Start of Recorded information
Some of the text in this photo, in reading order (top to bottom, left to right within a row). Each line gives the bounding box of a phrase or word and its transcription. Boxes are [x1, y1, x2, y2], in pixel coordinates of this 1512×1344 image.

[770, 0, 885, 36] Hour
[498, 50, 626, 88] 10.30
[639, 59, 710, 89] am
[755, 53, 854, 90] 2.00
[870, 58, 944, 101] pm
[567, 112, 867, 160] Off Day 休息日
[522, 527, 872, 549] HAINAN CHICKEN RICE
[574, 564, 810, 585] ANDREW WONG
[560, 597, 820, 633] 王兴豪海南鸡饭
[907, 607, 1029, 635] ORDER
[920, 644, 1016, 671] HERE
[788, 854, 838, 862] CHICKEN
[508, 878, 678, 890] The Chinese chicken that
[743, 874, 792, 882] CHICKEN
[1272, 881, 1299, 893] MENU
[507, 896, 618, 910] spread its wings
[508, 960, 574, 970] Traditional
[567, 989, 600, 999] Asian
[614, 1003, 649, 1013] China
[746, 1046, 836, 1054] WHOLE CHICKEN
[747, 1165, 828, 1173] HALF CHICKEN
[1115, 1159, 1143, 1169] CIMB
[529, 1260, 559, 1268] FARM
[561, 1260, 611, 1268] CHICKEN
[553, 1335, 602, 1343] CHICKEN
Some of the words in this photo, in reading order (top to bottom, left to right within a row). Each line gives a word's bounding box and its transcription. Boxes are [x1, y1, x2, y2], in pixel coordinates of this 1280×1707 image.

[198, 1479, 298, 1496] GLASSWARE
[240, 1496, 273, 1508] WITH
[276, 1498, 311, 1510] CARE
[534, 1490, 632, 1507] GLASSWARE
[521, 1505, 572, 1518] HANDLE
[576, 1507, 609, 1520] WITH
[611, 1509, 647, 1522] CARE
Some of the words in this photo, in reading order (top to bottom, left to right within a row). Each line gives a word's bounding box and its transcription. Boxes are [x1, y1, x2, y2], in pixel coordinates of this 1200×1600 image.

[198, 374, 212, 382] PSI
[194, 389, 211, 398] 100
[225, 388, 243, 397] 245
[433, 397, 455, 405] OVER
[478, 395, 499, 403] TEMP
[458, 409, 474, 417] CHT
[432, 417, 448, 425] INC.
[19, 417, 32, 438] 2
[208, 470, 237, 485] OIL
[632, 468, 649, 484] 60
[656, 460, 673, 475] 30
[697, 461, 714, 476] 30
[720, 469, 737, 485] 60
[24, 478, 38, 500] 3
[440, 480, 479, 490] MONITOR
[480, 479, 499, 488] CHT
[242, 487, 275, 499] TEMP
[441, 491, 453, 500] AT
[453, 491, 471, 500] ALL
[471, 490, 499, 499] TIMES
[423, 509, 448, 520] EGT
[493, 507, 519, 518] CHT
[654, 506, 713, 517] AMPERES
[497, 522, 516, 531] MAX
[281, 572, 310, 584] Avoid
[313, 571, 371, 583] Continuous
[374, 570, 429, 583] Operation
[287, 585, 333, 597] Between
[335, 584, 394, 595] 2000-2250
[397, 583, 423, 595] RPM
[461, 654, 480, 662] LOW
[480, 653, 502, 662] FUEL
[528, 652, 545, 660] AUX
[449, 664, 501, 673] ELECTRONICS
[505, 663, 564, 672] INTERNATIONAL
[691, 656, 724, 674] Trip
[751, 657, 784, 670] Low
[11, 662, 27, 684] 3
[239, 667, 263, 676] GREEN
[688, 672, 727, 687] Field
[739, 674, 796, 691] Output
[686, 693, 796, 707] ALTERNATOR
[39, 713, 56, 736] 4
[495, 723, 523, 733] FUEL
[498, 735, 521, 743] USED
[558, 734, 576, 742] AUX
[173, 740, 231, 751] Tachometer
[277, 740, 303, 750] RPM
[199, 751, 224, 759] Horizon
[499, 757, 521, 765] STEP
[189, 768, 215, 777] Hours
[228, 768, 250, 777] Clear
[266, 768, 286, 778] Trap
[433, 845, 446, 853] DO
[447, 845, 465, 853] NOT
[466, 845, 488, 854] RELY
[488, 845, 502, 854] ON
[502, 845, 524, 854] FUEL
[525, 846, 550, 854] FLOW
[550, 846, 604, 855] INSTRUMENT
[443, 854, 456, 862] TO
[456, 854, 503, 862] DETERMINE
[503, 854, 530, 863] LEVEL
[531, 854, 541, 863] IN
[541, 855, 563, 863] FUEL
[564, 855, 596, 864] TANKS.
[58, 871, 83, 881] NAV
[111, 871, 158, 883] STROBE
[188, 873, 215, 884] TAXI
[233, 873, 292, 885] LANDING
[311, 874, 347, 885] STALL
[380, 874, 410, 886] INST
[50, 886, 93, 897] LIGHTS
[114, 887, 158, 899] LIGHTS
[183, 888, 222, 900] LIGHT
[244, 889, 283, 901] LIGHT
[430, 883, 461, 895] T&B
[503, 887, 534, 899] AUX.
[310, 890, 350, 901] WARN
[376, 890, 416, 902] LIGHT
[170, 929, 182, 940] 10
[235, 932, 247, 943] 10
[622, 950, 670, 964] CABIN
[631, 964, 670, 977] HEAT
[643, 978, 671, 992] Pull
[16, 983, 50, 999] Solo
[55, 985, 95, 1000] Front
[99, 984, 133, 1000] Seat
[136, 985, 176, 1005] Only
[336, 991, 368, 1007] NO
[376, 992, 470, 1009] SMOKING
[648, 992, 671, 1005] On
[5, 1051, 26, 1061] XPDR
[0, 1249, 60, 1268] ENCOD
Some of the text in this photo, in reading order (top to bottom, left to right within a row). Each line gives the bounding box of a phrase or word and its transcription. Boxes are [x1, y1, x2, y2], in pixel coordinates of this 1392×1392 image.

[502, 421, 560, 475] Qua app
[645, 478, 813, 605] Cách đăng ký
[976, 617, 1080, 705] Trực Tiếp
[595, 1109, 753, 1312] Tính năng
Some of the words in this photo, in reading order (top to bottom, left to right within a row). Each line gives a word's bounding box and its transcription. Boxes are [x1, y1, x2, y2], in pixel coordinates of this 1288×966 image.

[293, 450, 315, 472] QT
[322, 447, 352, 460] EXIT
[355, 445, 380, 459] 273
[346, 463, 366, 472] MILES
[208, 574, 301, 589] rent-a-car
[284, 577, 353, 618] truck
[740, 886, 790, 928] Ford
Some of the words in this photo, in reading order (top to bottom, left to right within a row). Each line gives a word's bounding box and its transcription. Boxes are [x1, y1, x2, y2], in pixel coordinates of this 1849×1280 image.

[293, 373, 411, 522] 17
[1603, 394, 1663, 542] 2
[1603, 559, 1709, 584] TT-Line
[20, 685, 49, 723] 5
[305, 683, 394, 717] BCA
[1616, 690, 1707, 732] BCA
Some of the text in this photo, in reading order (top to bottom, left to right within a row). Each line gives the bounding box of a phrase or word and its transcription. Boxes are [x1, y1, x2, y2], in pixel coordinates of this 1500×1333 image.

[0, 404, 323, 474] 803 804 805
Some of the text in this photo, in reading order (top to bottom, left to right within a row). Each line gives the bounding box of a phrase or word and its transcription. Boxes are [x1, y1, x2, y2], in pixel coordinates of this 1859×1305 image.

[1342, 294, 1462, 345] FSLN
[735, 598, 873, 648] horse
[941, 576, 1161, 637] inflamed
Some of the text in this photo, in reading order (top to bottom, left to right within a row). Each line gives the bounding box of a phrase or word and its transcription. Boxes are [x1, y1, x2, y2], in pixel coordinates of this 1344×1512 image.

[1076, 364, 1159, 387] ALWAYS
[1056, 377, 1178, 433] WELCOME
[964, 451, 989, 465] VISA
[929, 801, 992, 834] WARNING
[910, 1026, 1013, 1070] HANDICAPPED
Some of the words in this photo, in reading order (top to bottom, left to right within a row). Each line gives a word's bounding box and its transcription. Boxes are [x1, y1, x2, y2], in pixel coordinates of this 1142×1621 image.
End of Recorded information
▶ **Task to carry out**:
Every line between the one that contains "this 1849×1280 image." and the last line of the listing, both included, should be retyped exactly, with nothing else added.

▶ **Solution to this task**:
Some of the words in this photo, in reading order (top to bottom, left to right within a row). Each line gives a word's bounding box and its transcription. Boxes are [x1, y1, x2, y2], in pixel coordinates of this 1849×1280 image.

[293, 373, 411, 522] 17
[1603, 394, 1663, 542] 2
[1603, 559, 1709, 584] TT-Line
[20, 685, 49, 723] 5
[305, 683, 394, 717] BCA
[1616, 690, 1707, 732] BCA
Some of the text in this photo, in reading order (top to bottom, left to right within a row). Each line gives the bounding box of a phrase or word and its transcription. Boxes are [x1, y1, x2, y2], in pixel coordinates of this 1500×1333 image.

[0, 404, 323, 474] 803 804 805
Some of the text in this photo, in reading order (top to bottom, left to right within a row). Each line gives the bounding box of a phrase or word and its transcription. Boxes are [x1, y1, x2, y2], in pixel coordinates of this 1859×1305 image.

[1342, 294, 1462, 345] FSLN
[735, 598, 873, 648] horse
[941, 576, 1161, 637] inflamed
Some of the text in this photo, in reading order (top to bottom, left to right within a row). Each line gives the bounding box of a phrase or word and its transcription. Boxes are [x1, y1, x2, y2], in pixel coordinates of this 1344×1512 image.

[1076, 364, 1159, 387] ALWAYS
[1056, 377, 1178, 433] WELCOME
[964, 451, 989, 465] VISA
[929, 801, 992, 834] WARNING
[910, 1026, 1013, 1070] HANDICAPPED
Some of the words in this photo, in reading order (top to bottom, left to right within a row). Each line gives a word's bounding box and its transcription. Boxes are [x1, y1, x2, y2], in pixel coordinates of this 1142×1621 image.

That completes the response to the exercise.